*Aim of the exercise*
The records below must be transcribed exactly. Do not include the pictures.

*Source records*
****
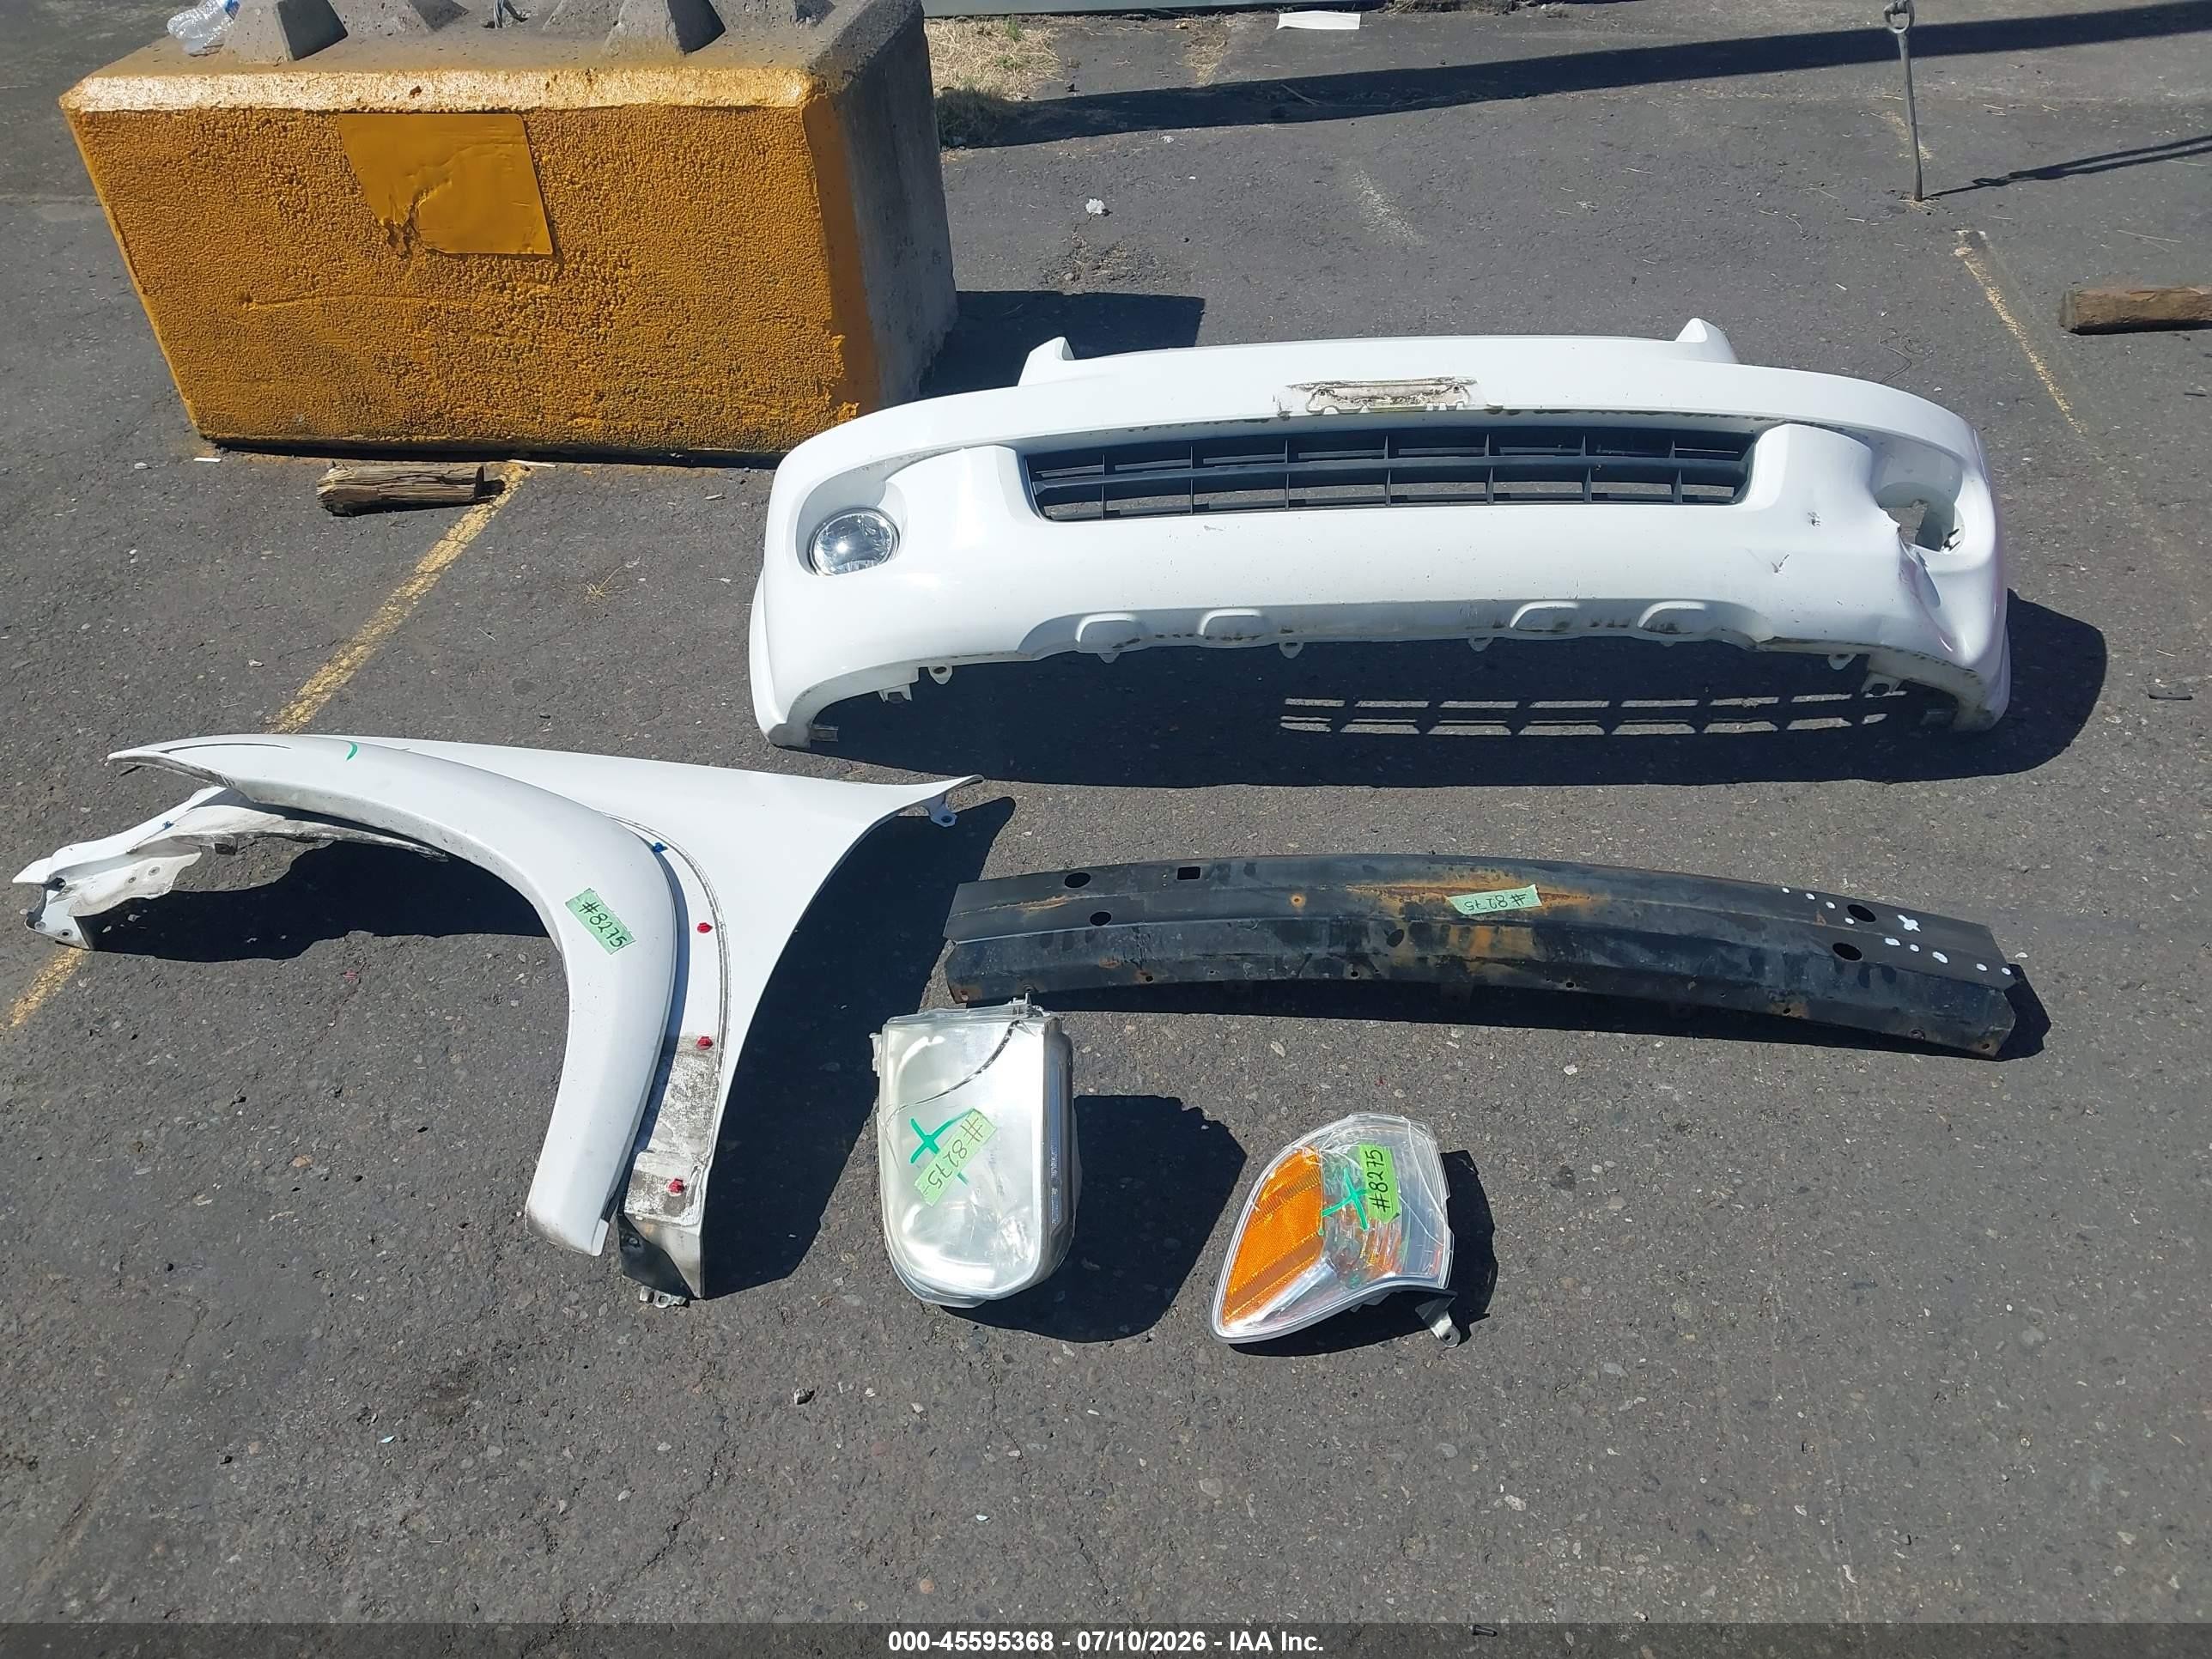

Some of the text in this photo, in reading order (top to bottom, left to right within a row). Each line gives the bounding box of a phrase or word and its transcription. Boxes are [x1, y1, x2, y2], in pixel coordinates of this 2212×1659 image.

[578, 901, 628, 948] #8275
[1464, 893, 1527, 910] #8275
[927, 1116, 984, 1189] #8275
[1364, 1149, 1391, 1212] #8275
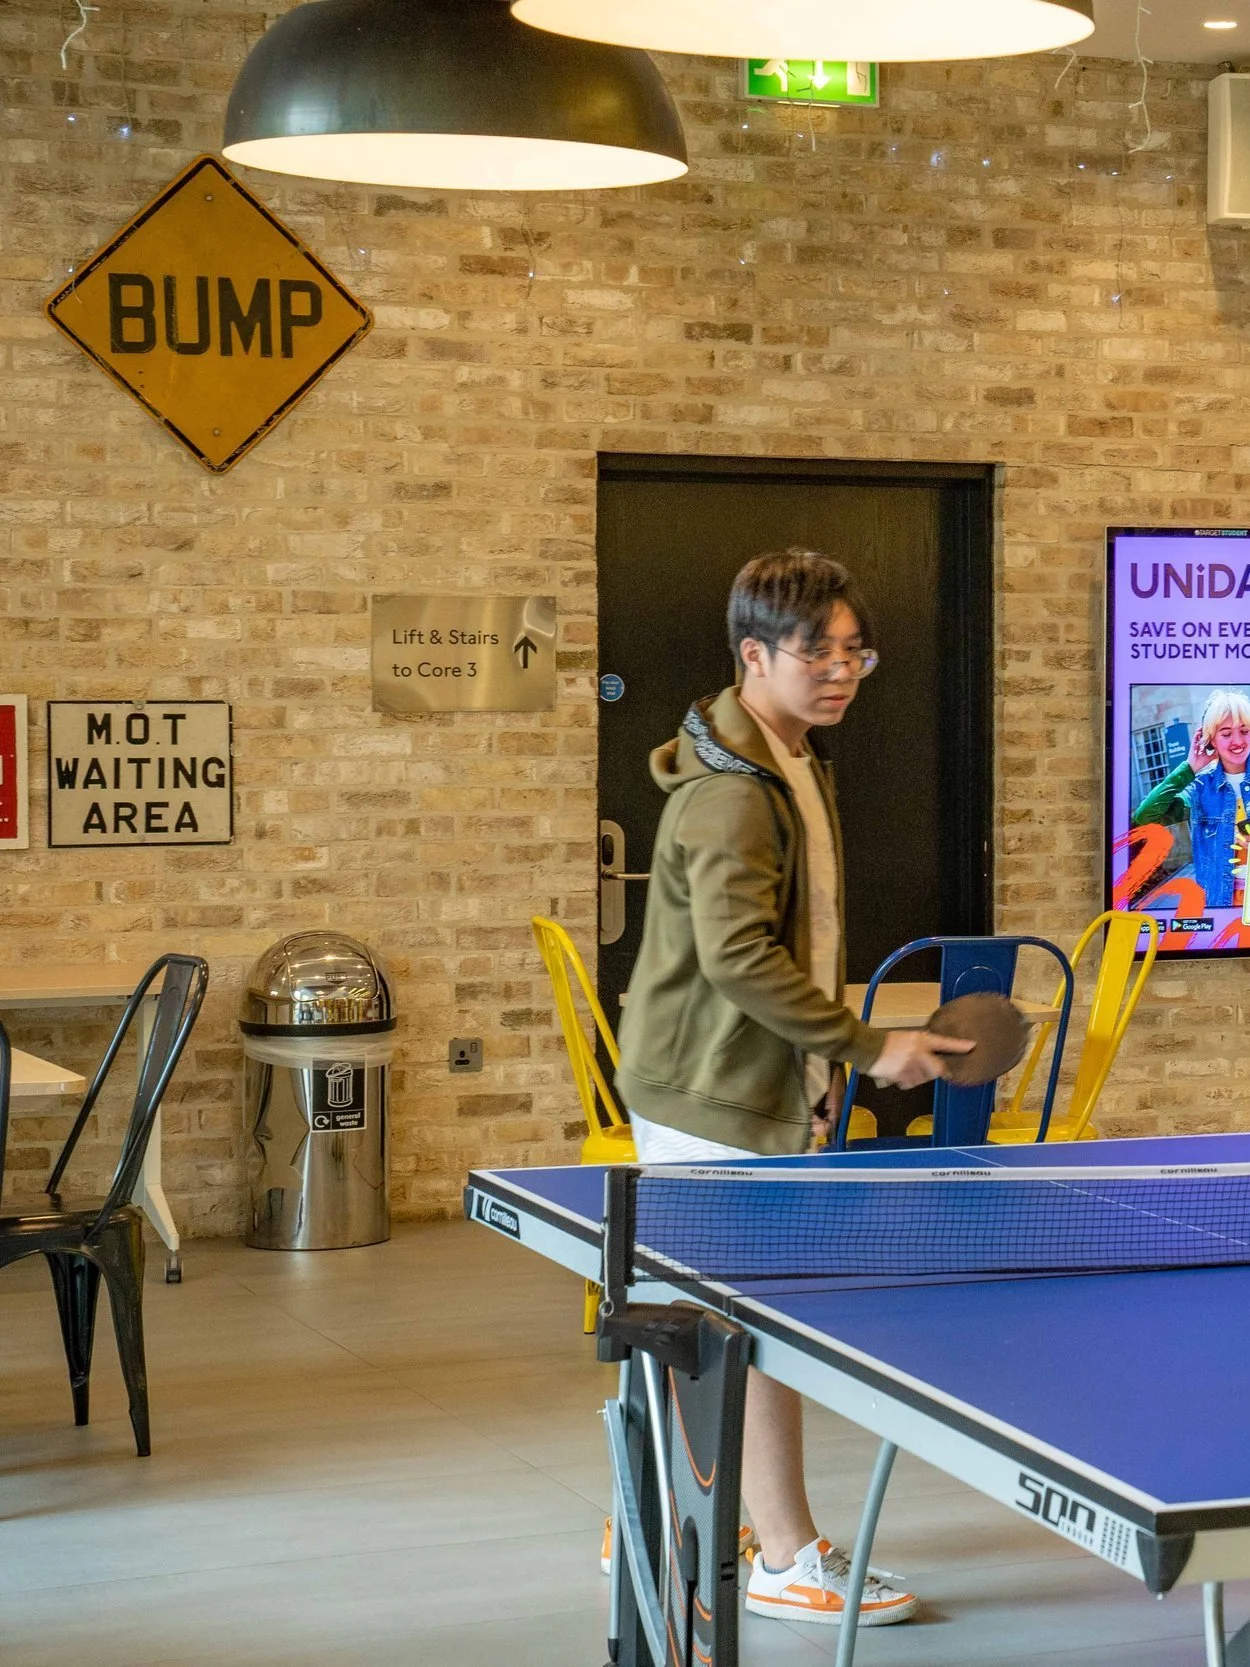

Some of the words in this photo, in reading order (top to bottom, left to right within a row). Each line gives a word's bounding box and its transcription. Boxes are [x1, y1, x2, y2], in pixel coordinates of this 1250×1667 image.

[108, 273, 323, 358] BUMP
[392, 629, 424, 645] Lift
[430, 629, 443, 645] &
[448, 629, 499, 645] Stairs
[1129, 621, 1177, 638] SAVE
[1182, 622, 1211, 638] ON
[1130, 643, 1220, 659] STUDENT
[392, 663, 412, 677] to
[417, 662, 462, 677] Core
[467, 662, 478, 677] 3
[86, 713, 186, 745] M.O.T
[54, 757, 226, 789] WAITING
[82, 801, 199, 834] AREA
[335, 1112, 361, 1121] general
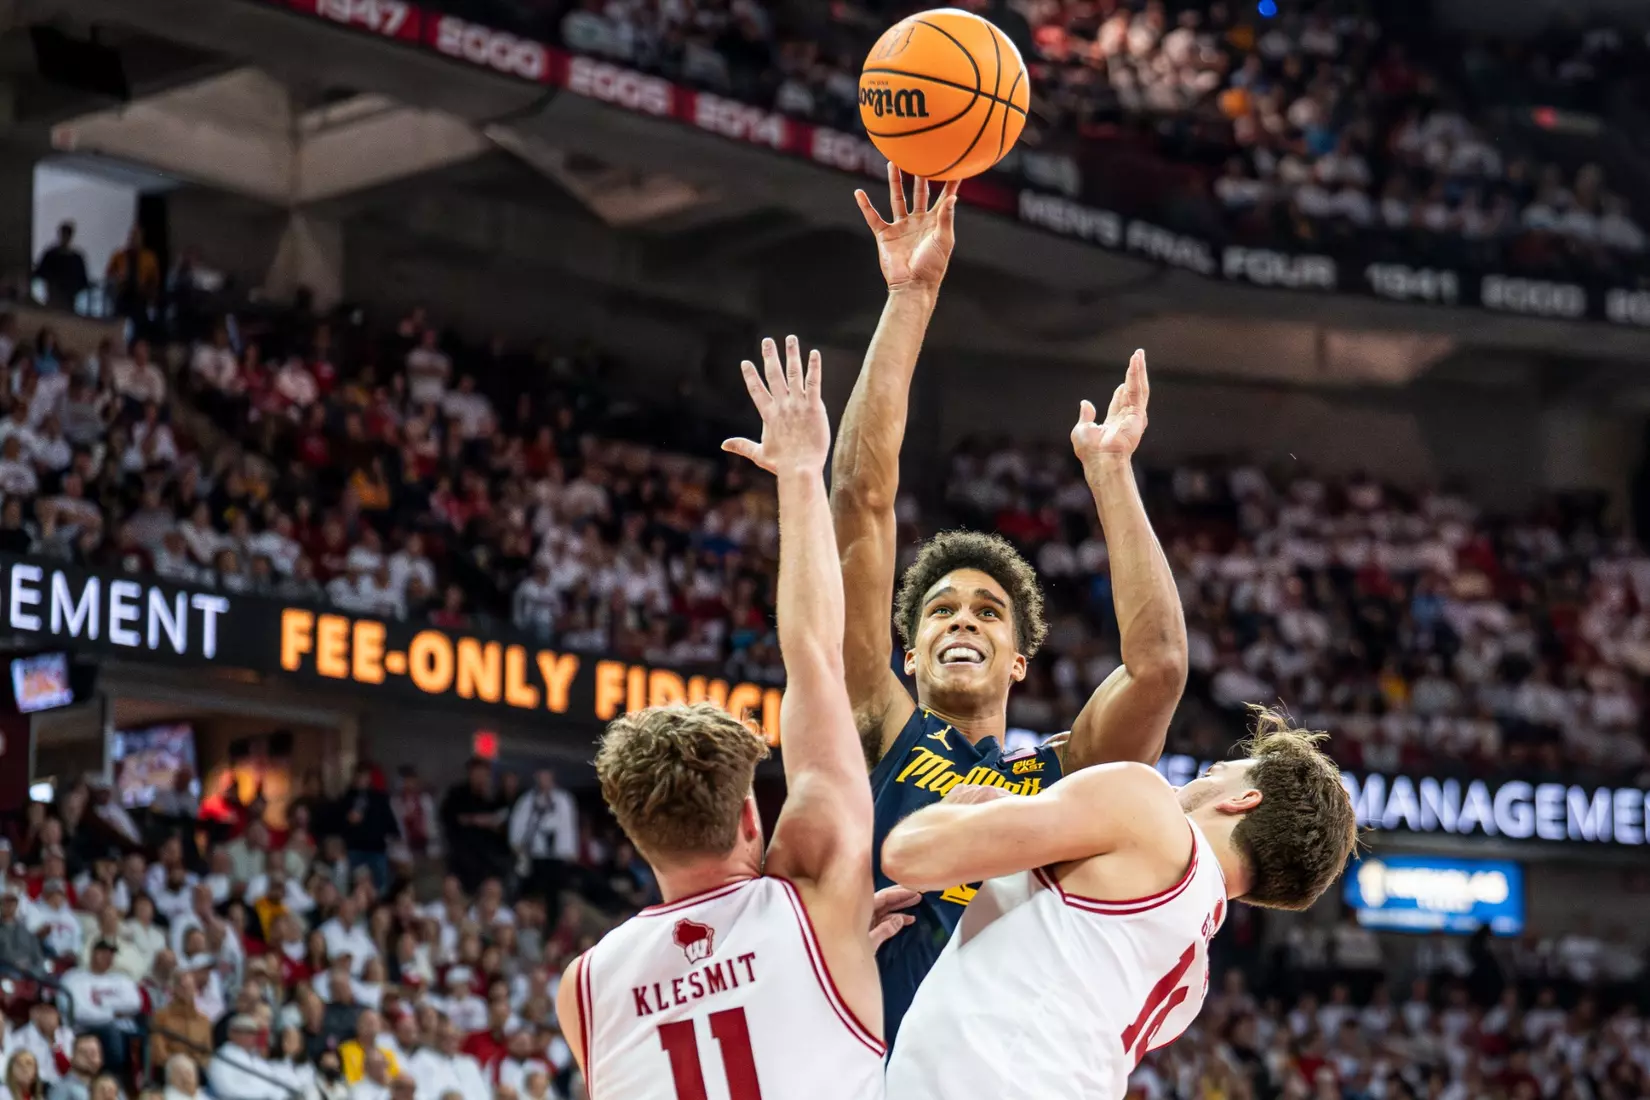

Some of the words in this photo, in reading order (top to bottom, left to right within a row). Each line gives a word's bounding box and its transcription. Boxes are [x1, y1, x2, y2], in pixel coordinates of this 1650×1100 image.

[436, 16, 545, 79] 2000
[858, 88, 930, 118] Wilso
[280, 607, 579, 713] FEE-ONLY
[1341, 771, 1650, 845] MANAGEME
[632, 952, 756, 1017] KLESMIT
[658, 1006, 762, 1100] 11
****
*The completed task*
Some of the text in this photo, in reading order (top to bottom, left to right within a row). Each line gives the bounding box of a phrase or word and its transcription. Boxes are [x1, y1, x2, y2], in pixel coordinates of this 2212×1659 image.

[578, 901, 628, 948] #8275
[1464, 893, 1527, 910] #8275
[927, 1116, 984, 1189] #8275
[1364, 1149, 1391, 1212] #8275

Some of the words in this photo, in reading order (top to bottom, left to right within a row). Each line gives a word's bounding box and its transcription. Boxes are [x1, y1, x2, y2], in pixel coordinates of this 1250×1667 image.

[108, 273, 323, 358] BUMP
[392, 629, 424, 645] Lift
[430, 629, 443, 645] &
[448, 629, 499, 645] Stairs
[1129, 621, 1177, 638] SAVE
[1182, 622, 1211, 638] ON
[1130, 643, 1220, 659] STUDENT
[392, 663, 412, 677] to
[417, 662, 462, 677] Core
[467, 662, 478, 677] 3
[86, 713, 186, 745] M.O.T
[54, 757, 226, 789] WAITING
[82, 801, 199, 834] AREA
[335, 1112, 361, 1121] general

Some of the words in this photo, in reading order (top to bottom, left to right within a row). Each line gives a word's bounding box and its transcription. Boxes are [x1, y1, x2, y2], in pixel coordinates of this 1650×1100 image.

[436, 16, 545, 79] 2000
[858, 88, 930, 118] Wilso
[280, 607, 579, 713] FEE-ONLY
[1341, 771, 1650, 845] MANAGEME
[632, 952, 756, 1017] KLESMIT
[658, 1006, 762, 1100] 11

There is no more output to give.